Thanks so much for all your guys support!!! I got on Paxil today. I'm a little upset with Doctor. She is trying to convince me that there is no way Hashimotos is causing my depression and anxiety. She said because my T3 and T4 levels are in normal ranges I should be having little to no symptoms. I told her about others online have the same issues and she told me to throw out my computer because all of us are just worriers and our brains are making these symptoms happening because of worry and paranoia. So are we all just Crazy???? Its funny because all these symptoms came together before I even knew about Hashis!! Did I make it all up in my head?


----------



## desrtbloom (May 23, 2010)

It sounds like you might need a new doctor. The first doctor I went to said my thyroid levels were "a little elevated, but nothing to worry about". I was seriously ill and had I not listen to my gut and gotten a new doc ASAP, I would have been dead. So no, it isn't in our heads. It is a lot of doctor's that don't listen to their patients and make smart a$$ comments. So if it was me hun, I'd take the Paxil to see if that helps while you look for a new doctor that actually has a lot of experience with the endocrine system and thyroid issues.

:hugs:


----------



## livinginhope (Mar 5, 2011)

I agree, I would be looking for a new doctor as well. It is definitely not in your head, nor is it in any of our heads!! What an ignorant thing for her to say. I would ditch her because I don't think she is going to be very helpful to you.

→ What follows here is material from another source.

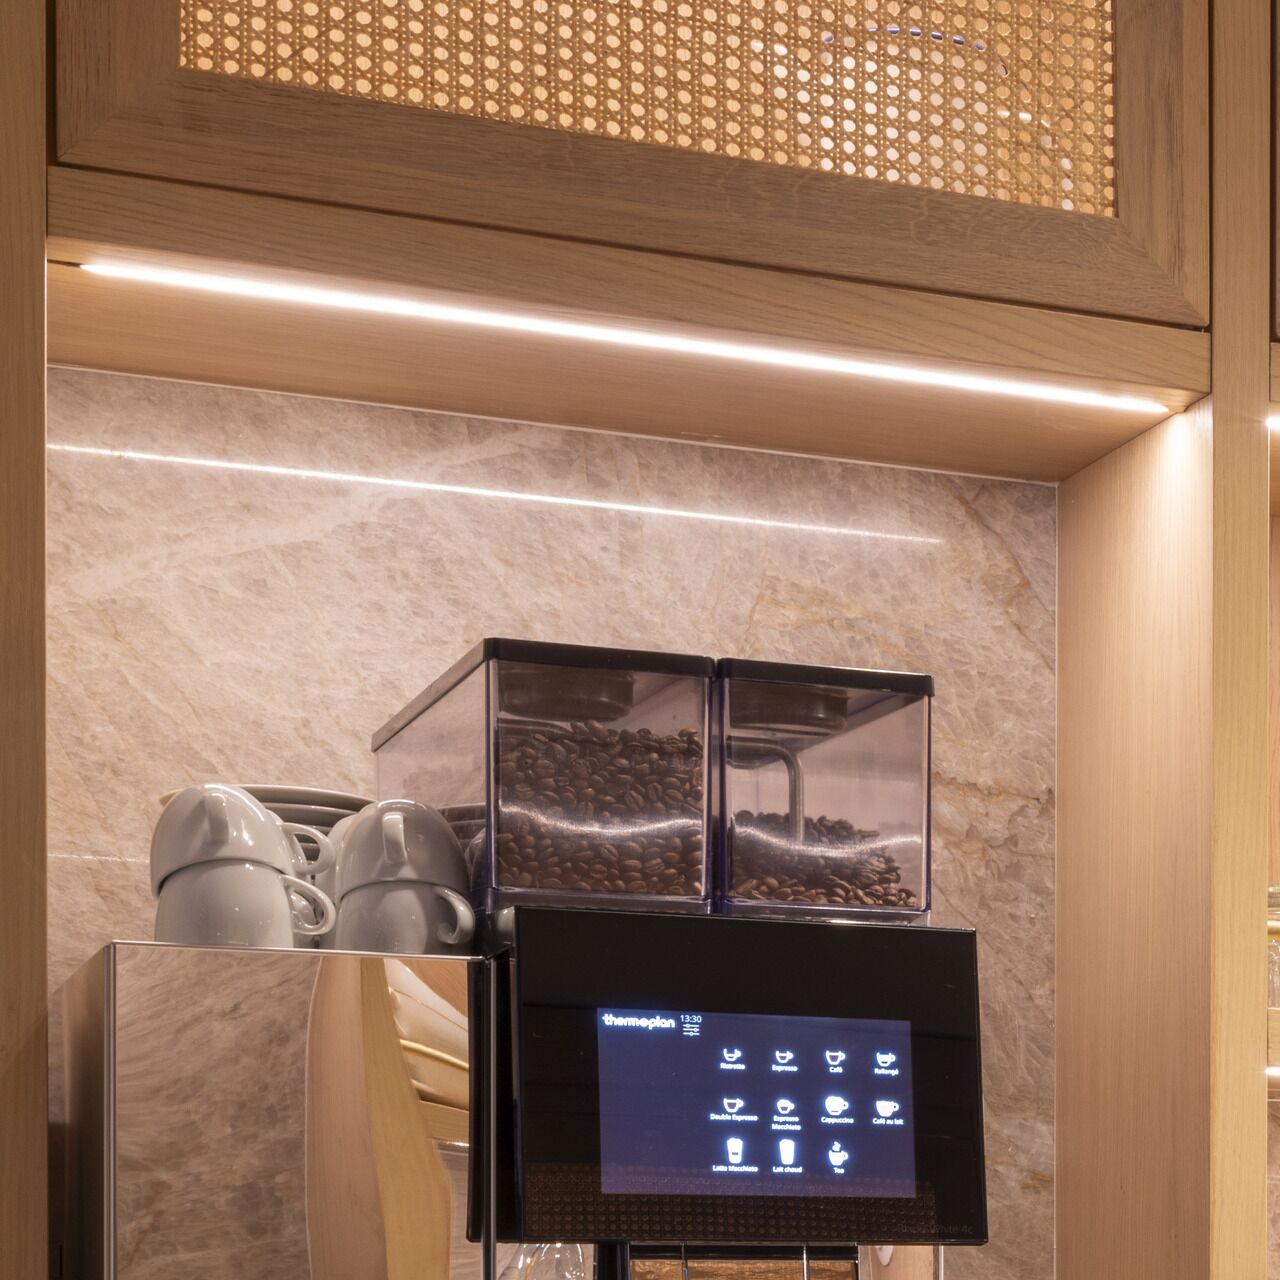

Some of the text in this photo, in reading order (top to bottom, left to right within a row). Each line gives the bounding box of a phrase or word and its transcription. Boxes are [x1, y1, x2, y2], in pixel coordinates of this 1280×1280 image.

I was told for 7 years that there was nothing wrong with me and now I have debilitating depression as well as all the other awful symptoms of Hashi's. If I had gotten good treatment earlier I might not have gotten to this stage. Luckily I have found 2 great doctors and am finally going to start dessicated thyroid.

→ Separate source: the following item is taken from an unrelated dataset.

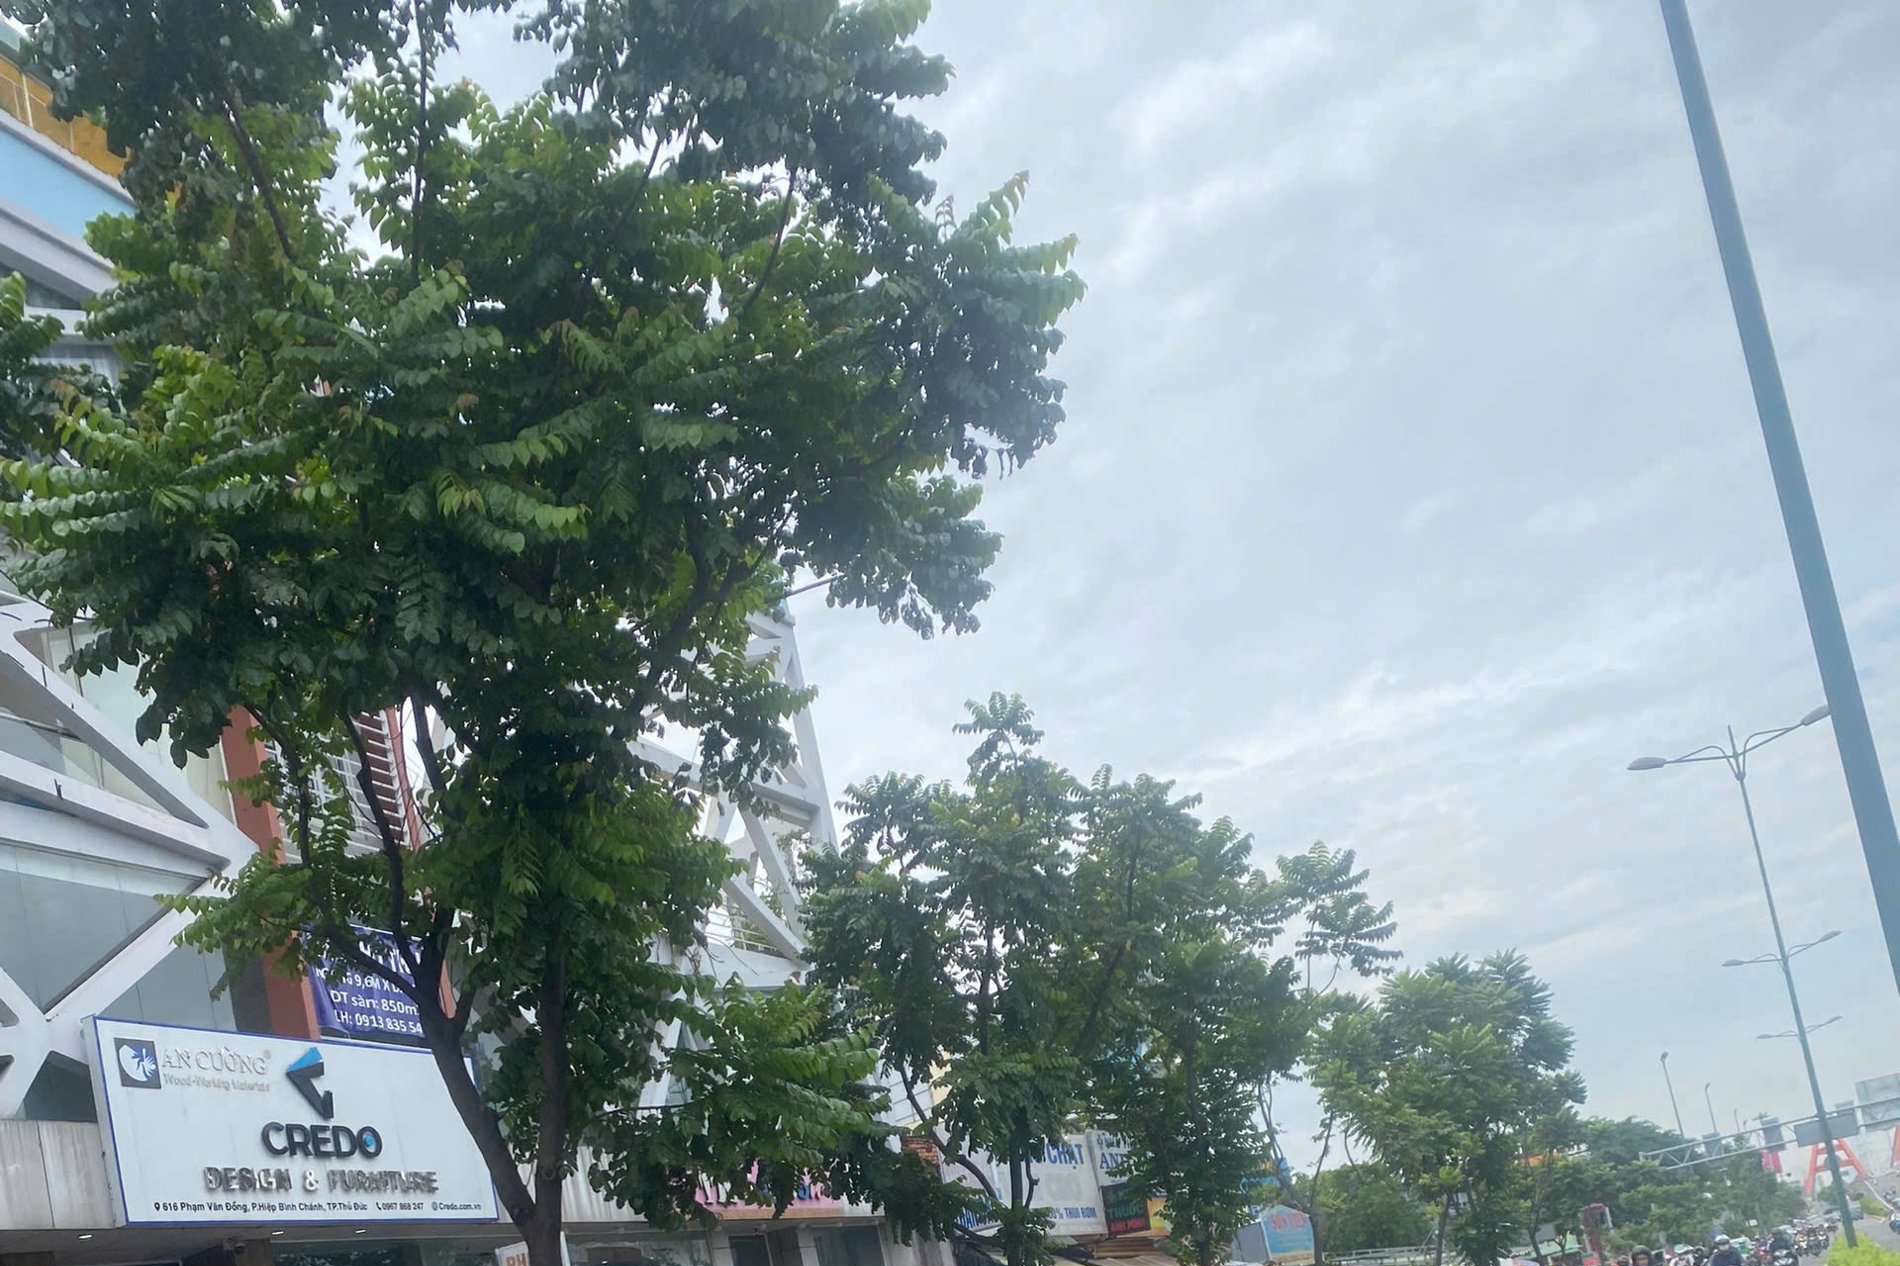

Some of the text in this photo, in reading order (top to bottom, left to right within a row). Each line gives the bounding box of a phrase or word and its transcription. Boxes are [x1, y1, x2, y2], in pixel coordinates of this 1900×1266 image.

Stay on the thyroid boards as they are the best defence you have against these terrible doctors. I know I am on the right track now just because of what I have learnt on these boards.

Good luck. :hugs:


----------



## Andros (Aug 26, 2009)

christinac1985 said:


> Thanks so much for all your guys support!!! I got on Paxil today. I'm a little upset with Doctor. She is trying to convince me that there is no way Hashimotos is causing my depression and anxiety. She said because my T3 and T4 levels are in normal ranges I should be having little to no symptoms. I told her about others online have the same issues and she told me to throw out my computer because all of us are just worriers and our brains are making these symptoms happening because of worry and paranoia. So are we all just Crazy???? Its funny because all these symptoms came together before I even knew about Hashis!! Did I make it all up in my head?


Graves', neuropsychiatric
http://www.ngdf.org/cms/modules/files/uploads/7699.PDF

hypo, psychiatric
http://www.biopsychiatry.com/hypothyroidism.htm

bipolar
http://www.psycheducation.org/thyroid/introduction.htm

I would seriously get rid of that doctor. The only person that should be able to diagnose mental illness would be a psychologist or psychiatrist and the only person who should be able to Rx anti-d should be a psychiatrist.

This stuff is getting waaaaaaaaaaaaaaaaaaaaaaaay out of hand.

Get the book Prozac Nation and read it. It is worse now than when this book was published.

God bless you; what a horrible doctor this woman is.

Have you had antibodies' tests and have you had FREE T and FREE T4 instead of T3 and T4?


----------



## McKenna (Jun 23, 2010)

What your doctor did to you breaks my heart. My endo did the same thing to me and tried to throw an antidepressant at me. He actually wrote a script, put it in my hands along with a sample starter pack. It went straight into the garbage when I left his office.

Psych drugs are grossly over-prescribed in our country. You have a documented medical issue that is KNOWN to cause mental and emotional symptoms. Sometimes severe symptoms. Yet doctors don't want to take the time to understand what their patients are feeling and experiencing, let alone support them.

The common practice of most doctors is...
1. listen to your symptoms
2. when he/she hears anything about mental health, feelings, thoughts, symptoms etc, to go straight to psych meds.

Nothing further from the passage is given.